EnBW mobility+ — largest German CPO and broad roaming app
EnBW mobility+ is the e-mobility brand of EnBW, the German utility headquartered in Karlsruhe. The CPO network is one of the largest in Germany by station count, with strong motorway HPC presence and a growing 'Hyperhub' format for urban high-power charging. Combined with one of the broadest roaming partner lists of any German EMSP, EnBW mobility+ is widely used as the default primary charging app for German residents.
Through the Smatrics EnBW joint venture, EnBW mobility+ also works at Smatrics EnBW sites across Austria at the same direct tariff — making it a practical single-app solution for the Germany-Austria cross-border market.
EnBW's network in Germany
EnBW operates DC fast chargers at most Autobahn-network Rasthof and Autohof sites — typically 150–300 kW dispensers. The 'Hyperhub' format is EnBW's urban high-power play, with 8+ dispensers at a single site, often co-located with retail or supermarket sites near city ring roads. Examples include the Stuttgart Pragsattel Hyperhub and the Munich Hyperhubs at the major commuter approaches.

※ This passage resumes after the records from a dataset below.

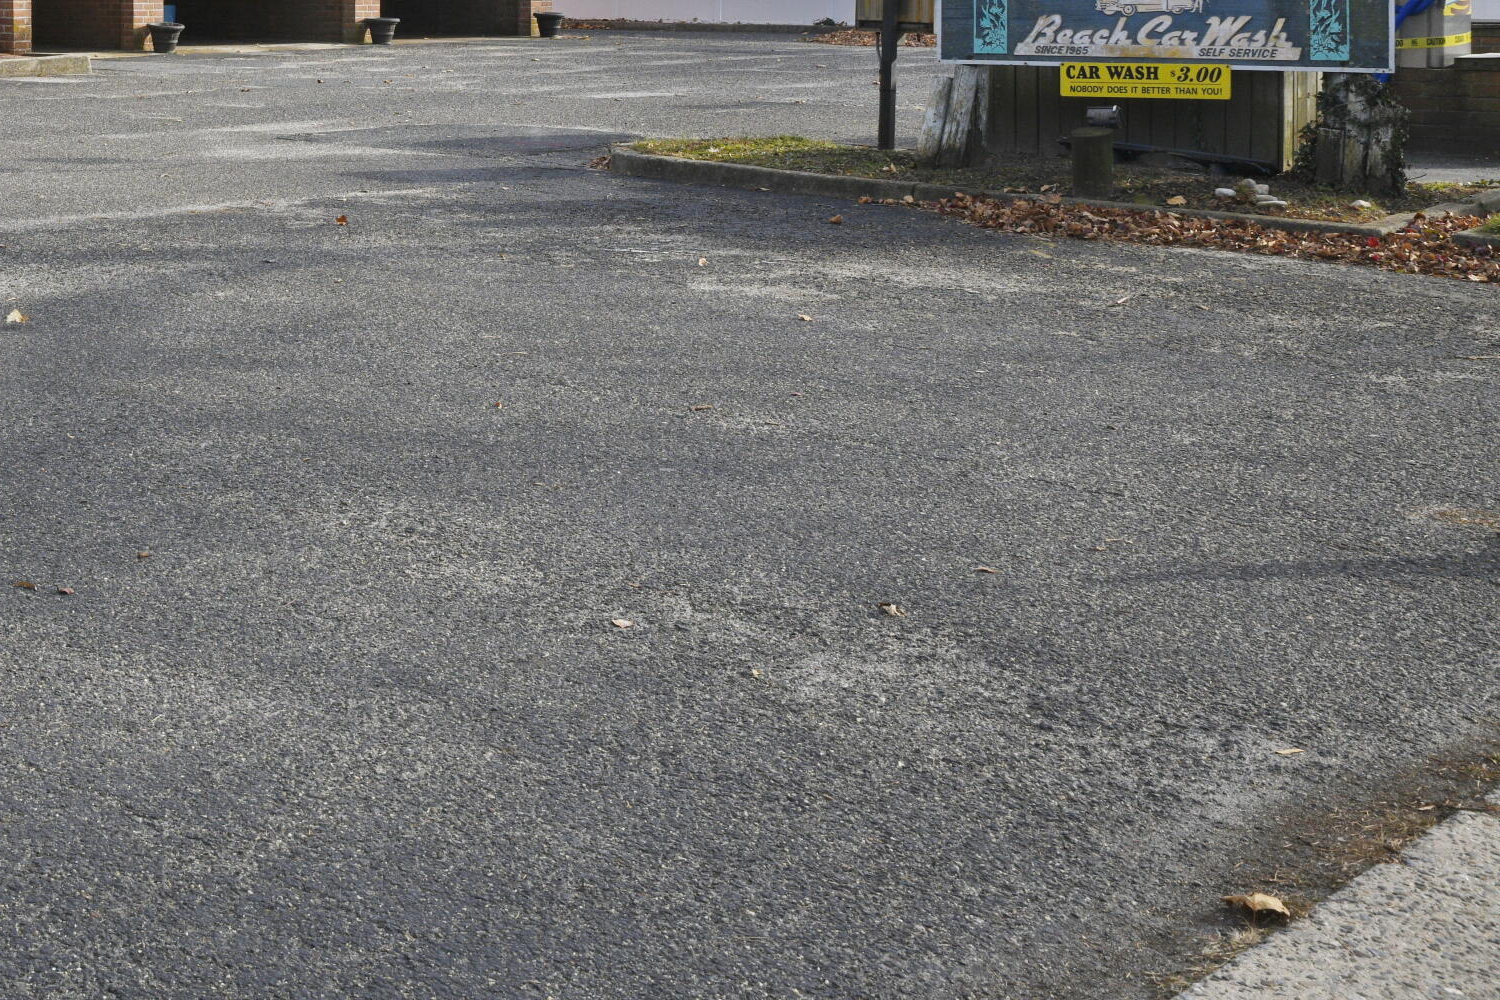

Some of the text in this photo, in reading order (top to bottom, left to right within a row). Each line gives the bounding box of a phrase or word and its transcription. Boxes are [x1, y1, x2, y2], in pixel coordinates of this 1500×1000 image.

[1022, 14, 1293, 48] Beach Car Wash
[1034, 46, 1089, 55] SINCE 1965
[1198, 48, 1278, 58] SELF SERVICE
[1066, 65, 1222, 82] CAR WASH $3.00
[1070, 85, 1223, 96] NOBODY DOES IT BETTER THAN YOU!
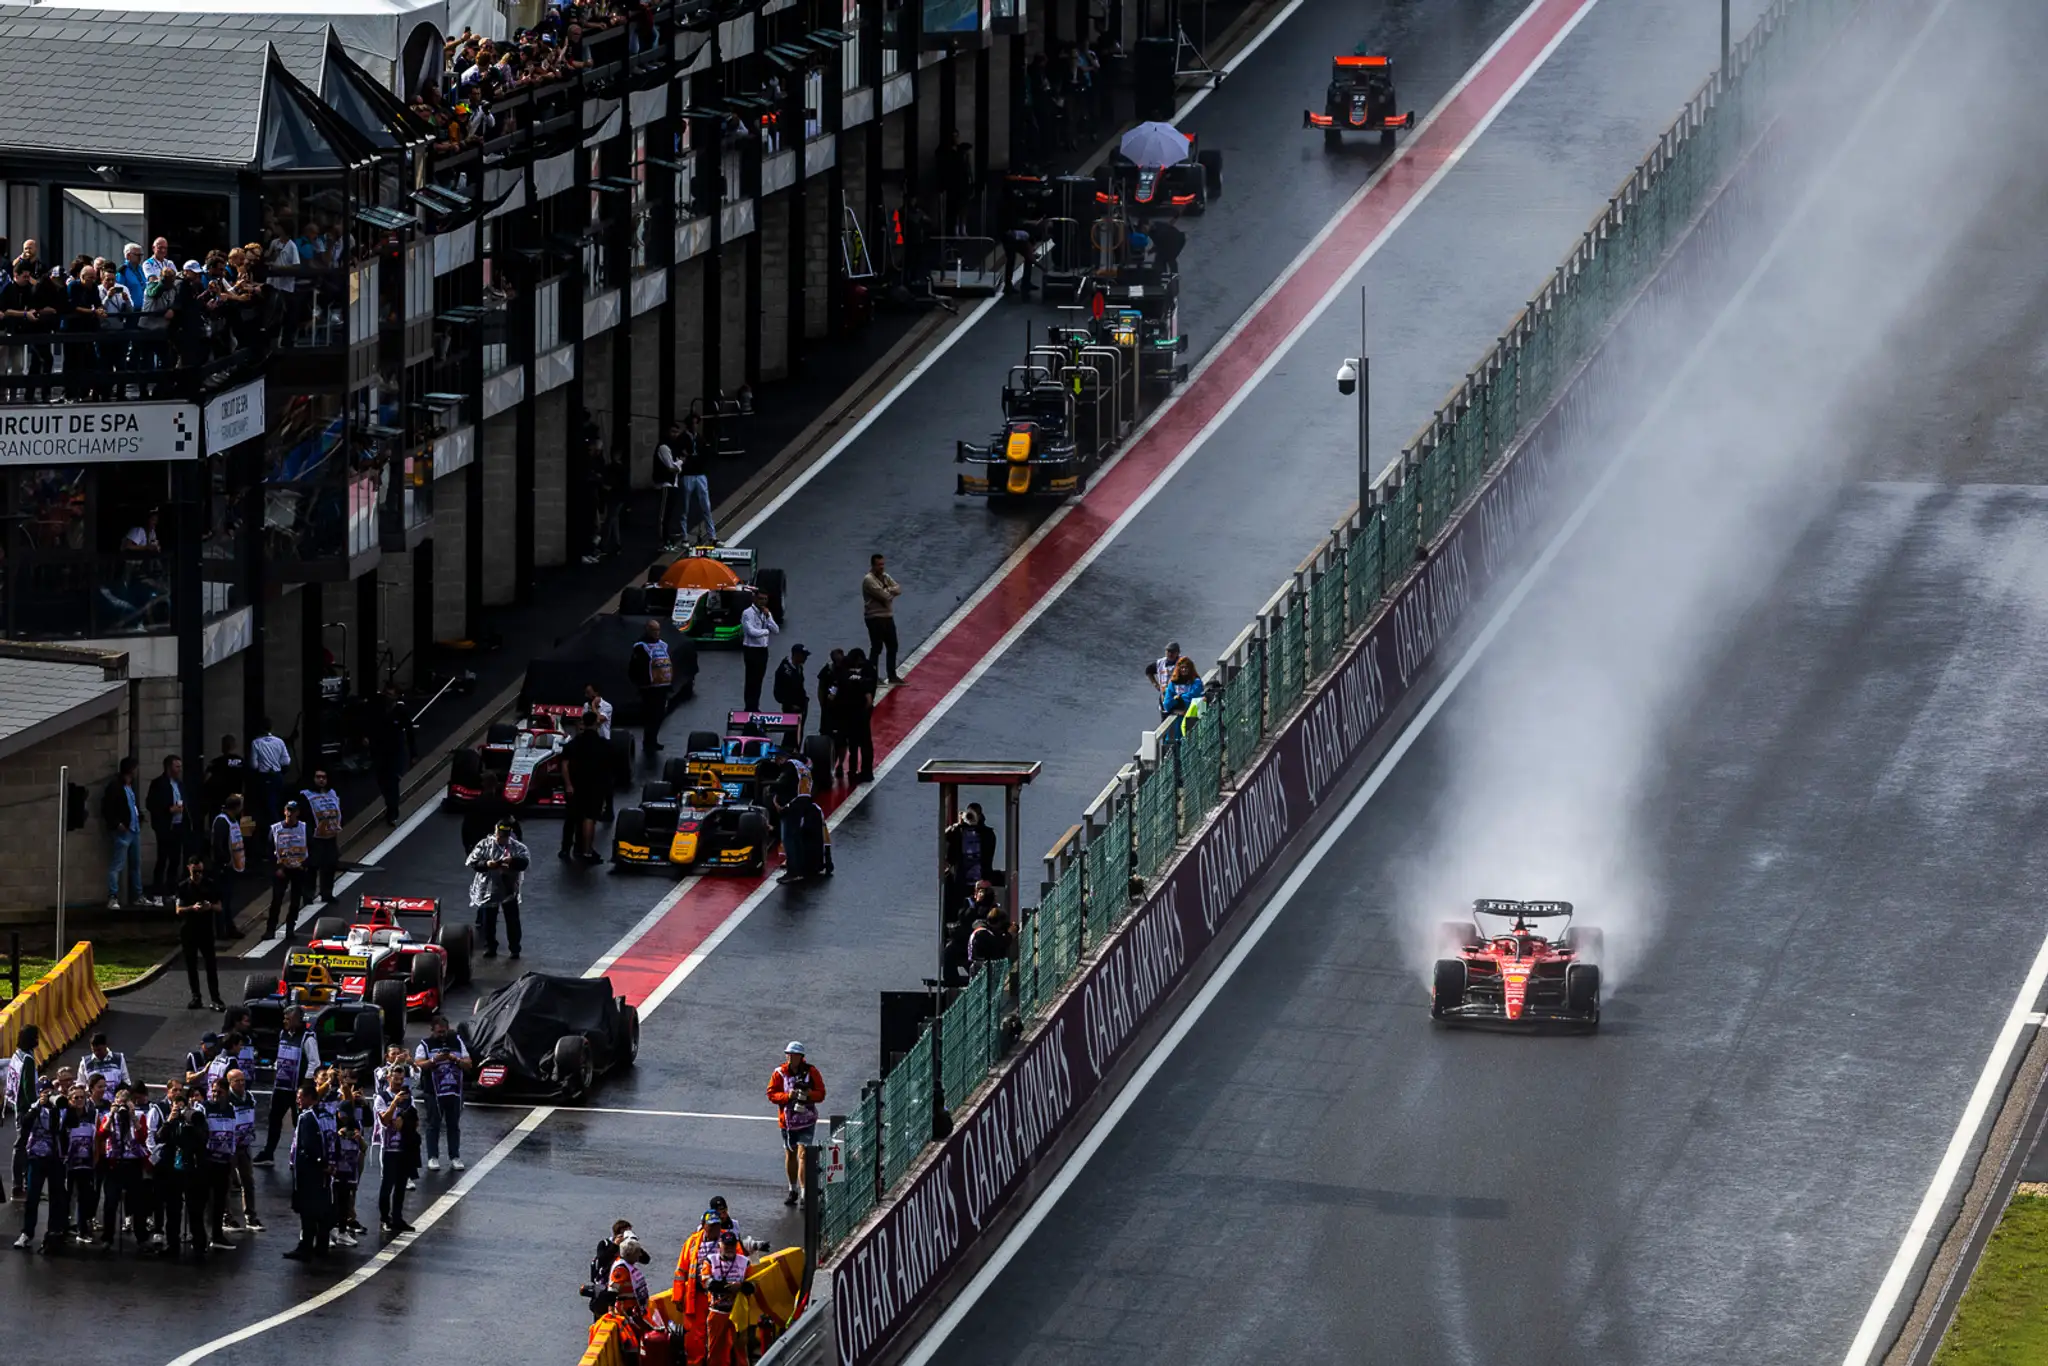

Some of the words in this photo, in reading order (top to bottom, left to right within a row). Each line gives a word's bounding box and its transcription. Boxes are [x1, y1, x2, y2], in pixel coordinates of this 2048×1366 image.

[69, 414, 95, 434] DE
[100, 413, 139, 433] SPA
[1394, 577, 1433, 688] QATAR
[1302, 688, 1344, 807] QATAR
[1340, 636, 1385, 758] AIRWAYS
[511, 774, 523, 784] 8
[1199, 809, 1243, 936] QATAR
[1238, 751, 1288, 881] AIRWAYS
[1486, 901, 1562, 913] Ferrari
[350, 976, 363, 985] 7
[1084, 945, 1133, 1080] QATAR
[1129, 880, 1184, 1021] AIRWAYS
[827, 1164, 844, 1172] FIRE
[963, 1087, 1016, 1232] QATAR
[1013, 1018, 1072, 1167] AIRWAYS
[836, 1228, 895, 1366] QATAR
[895, 1153, 959, 1312] AIRWAYS
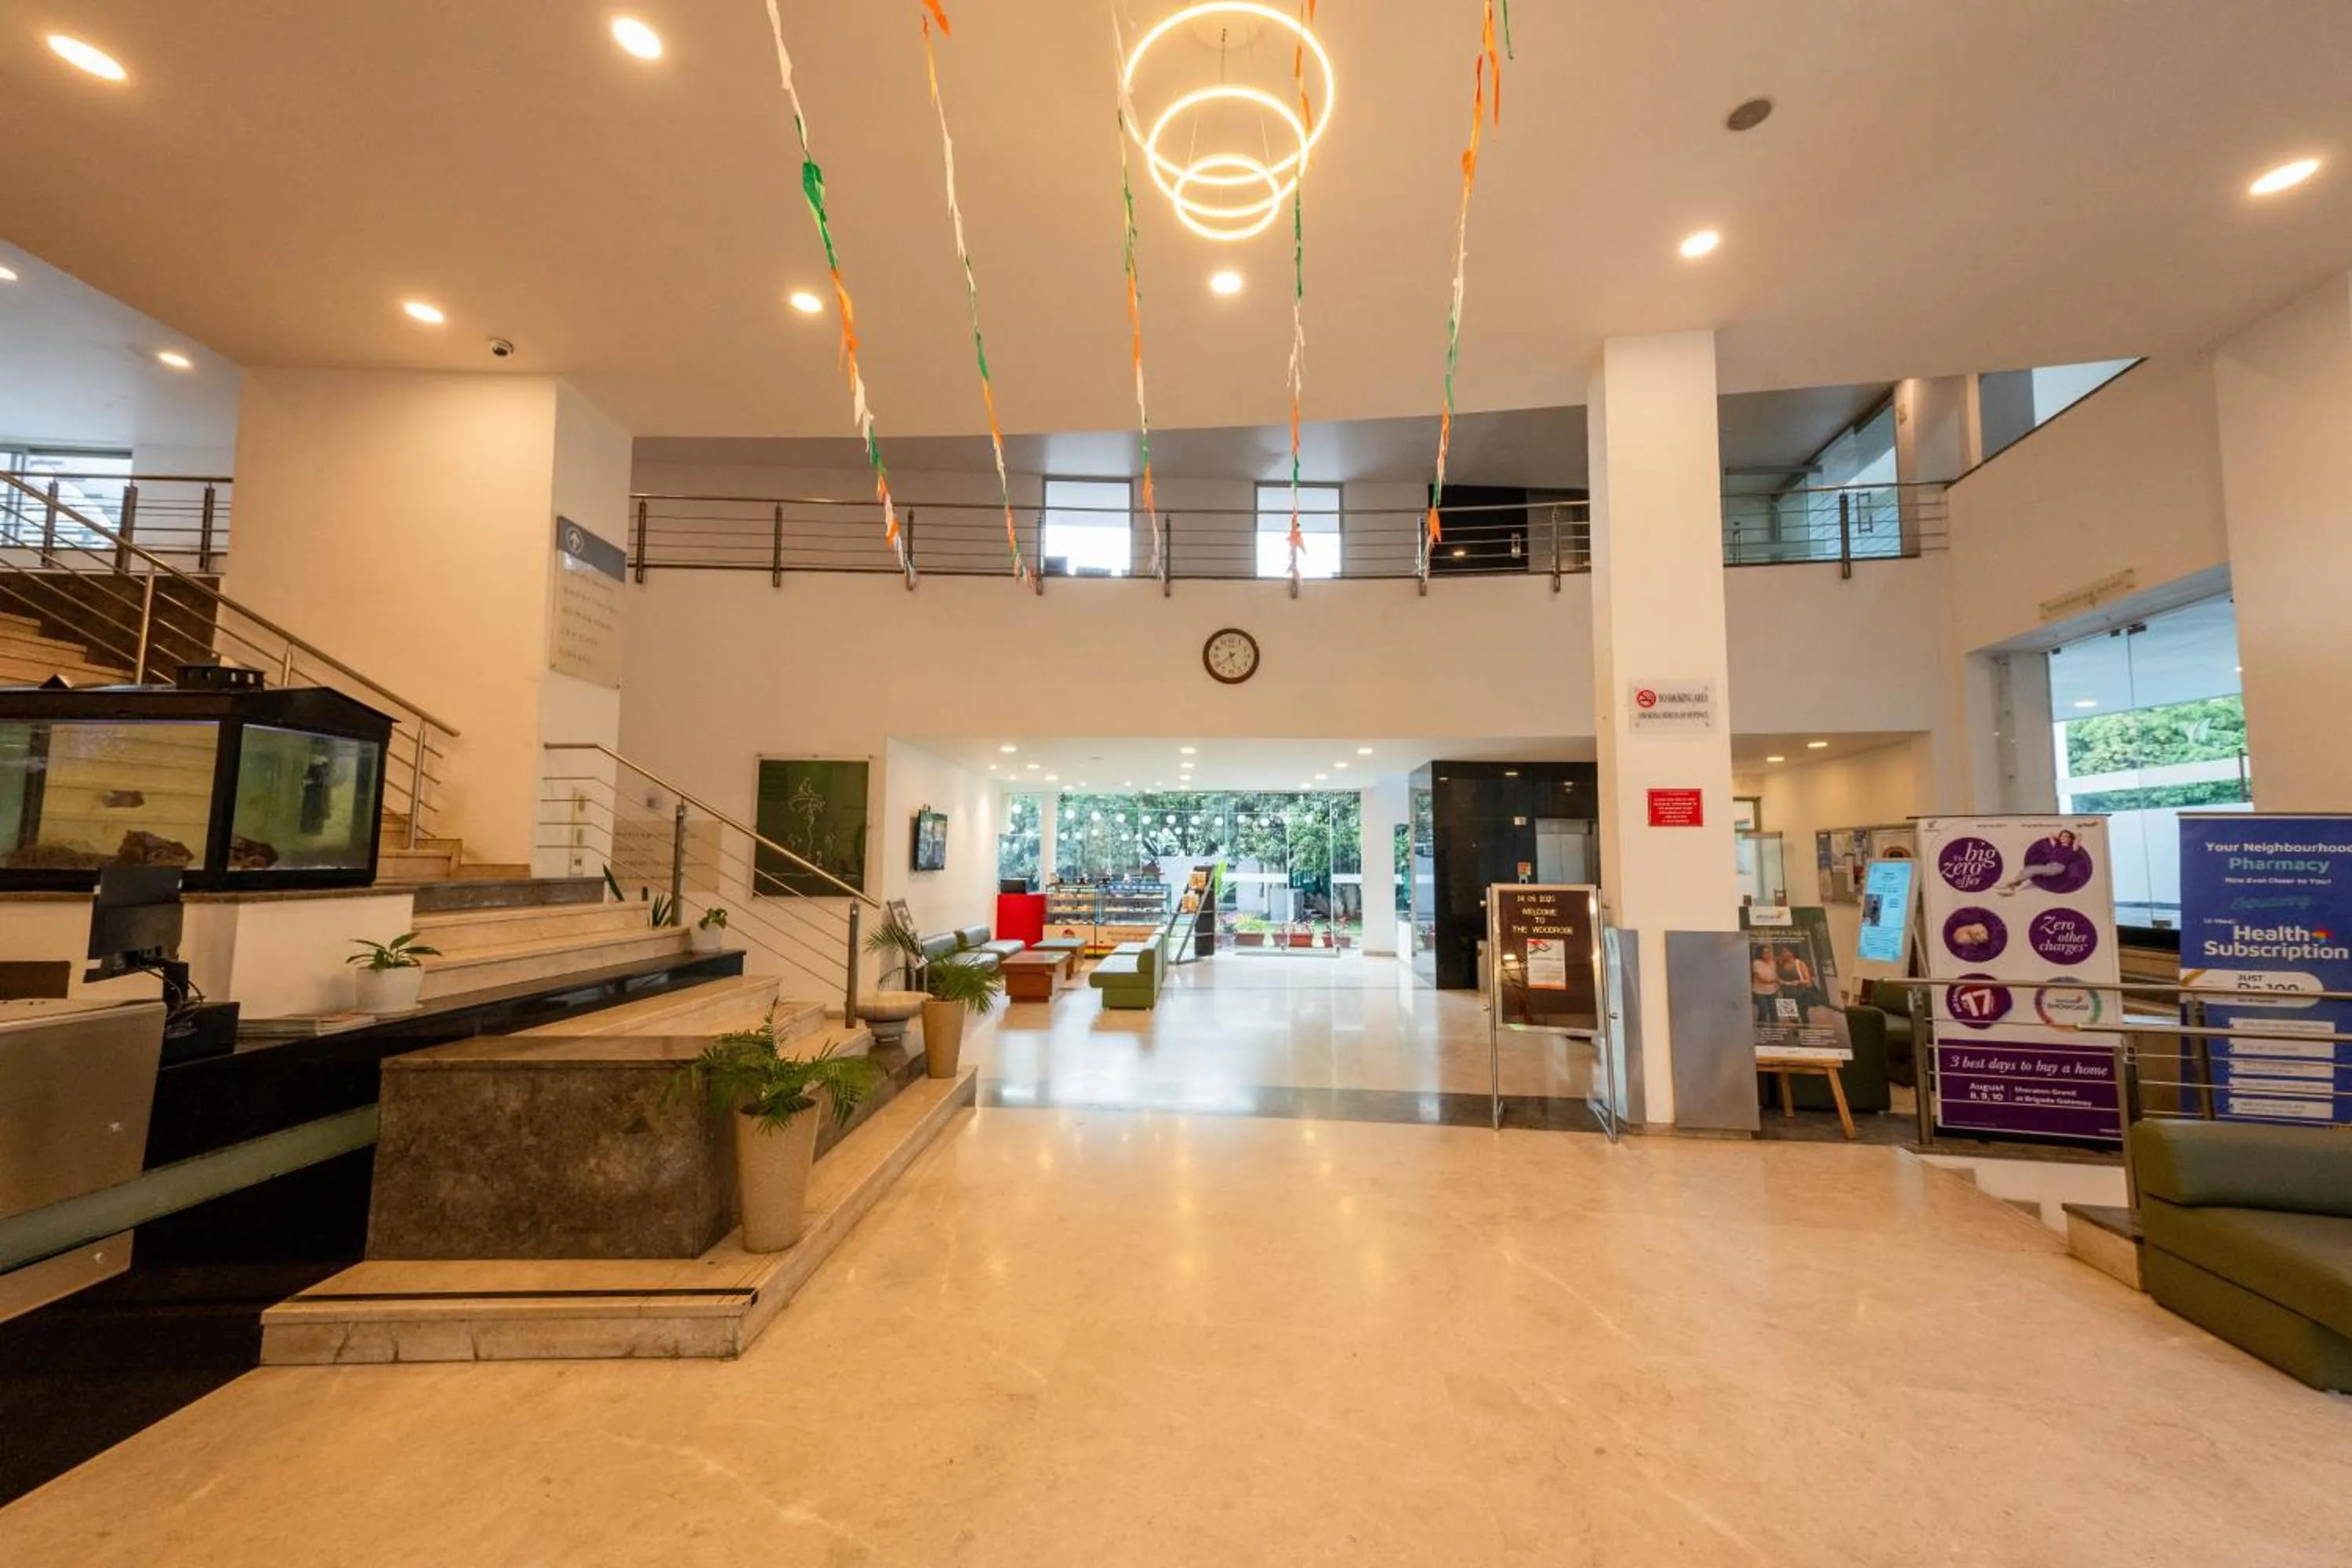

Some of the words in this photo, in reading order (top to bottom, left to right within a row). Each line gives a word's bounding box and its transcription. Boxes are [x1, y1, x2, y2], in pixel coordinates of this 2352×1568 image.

[1964, 841, 1997, 868] big
[2205, 842, 2240, 853] Your
[1941, 861, 1983, 879] zero
[2228, 858, 2331, 874] Pharmacy
[1955, 876, 1982, 888] offer
[1522, 908, 1558, 916] WELCOME
[2040, 916, 2076, 935] Zero
[2233, 925, 2310, 942] Health
[2057, 931, 2089, 942] other
[2204, 940, 2350, 962] Subscription
[1961, 988, 1992, 1017] 17
[1950, 1055, 1960, 1068] 3
[1962, 1057, 1986, 1069] best
[1988, 1058, 2016, 1073] days
[2020, 1059, 2031, 1071] to
[2036, 1060, 2058, 1076] buy
[2061, 1065, 2071, 1073] a
[2074, 1062, 2109, 1076] home
[1969, 1083, 2005, 1094] August

On the AC side, EnBW operates a meaningful destination-charging footprint at hotels, retail and corporate sites. The network is concentrated in southern Germany (Baden-Württemberg, Bavaria) reflecting EnBW's regional roots, with significant national coverage outside as well.
The mobility+ app and roaming
The mobility+ app's standout feature is the breadth of the roaming list. EnBW has commercial agreements with most German CPOs — Ionity, Aral pulse, Allego, ChargePoint, Vattenfall, ladenetz.de, E.ON Drive, and many regional Stadtwerke — at a published EnBW roaming tariff. The tariff is consistent across these networks (no per-CPO surprise pricing), which is a meaningful convenience advantage for long-distance drivers.
Direct EnBW pricing at EnBW-owned chargers is the cheapest tier; EnBW roaming pricing at partner networks is competitive with the partner network's own direct tariff but typically a few cents higher. Plugsurfing or Maingau Auto-Strom roaming via EnBW is usually slightly more expensive again.
Smatrics EnBW and the cross-border story
EnBW's Austrian joint venture, Smatrics EnBW, operates the largest single CPO network in Austria. The mobility+ app works at every Smatrics EnBW site at the direct EnBW tariff — meaning a German EnBW mobility+ card is effectively a Smatrics EnBW card too, without any cross-border roaming surcharge.
This is unusual in European charging — most CPOs don't have direct-tariff parity across borders. For drivers who regularly cross Germany ↔ Austria (Munich ↔ Salzburg ↔ Vienna, or via the Brenner from Innsbruck), this single-app simplicity is a meaningful selling point.
EnBW mobility+ vs. Ionity Passport, Tesla
For German residents whose long-distance charging is mostly within Germany, EnBW mobility+ is usually a better primary than Ionity Passport — the EnBW network is broader, the roaming list covers Ionity sites at competitive rates, and you don't need a second subscription. Ionity Passport pays back if your charging is concentrated on Ionity specifically.
Tesla owners may still use the Tesla app for Supercharger as the cheaper option at Tesla sites; non-Tesla cars usually find EnBW mobility+ direct + EnBW roaming covers the network at competitive rates compared to the Tesla app non-Tesla tariff.
Frequently asked questions
Why is EnBW mobility+ so popular in Germany?
Two reasons. First, the EnBW direct network is one of the largest in Germany, with strong motorway and Hyperhub urban coverage. Second, the EnBW roaming list is unusually broad — Ionity, Aral pulse, Allego, ChargePoint and many regional Stadtwerke are covered at a single EnBW roaming tariff. For a national driver this means one app covers most of the country at predictable pricing.
Does EnBW mobility+ work in Austria?
Yes — via the Smatrics EnBW joint venture, the mobility+ app works at every Smatrics EnBW site in Austria at the direct EnBW tariff, plus roaming to most other Austrian operators at the EnBW roaming rate. Cross-border German-Austrian drivers don't need a separate Austrian card.
EnBW mobility+ vs. Ionity Passport — which is cheaper?
For German residents doing most of their charging within Germany, EnBW mobility+ usually wins because the network is broader and the roaming covers Ionity at competitive rates. For drivers whose charging is concentrated on Ionity specifically (e.g. heavy cross-Europe Autobahn / autoroute use), Ionity Passport's per-kWh discount can be cheaper at the Ionity-only level. Many drivers carry both.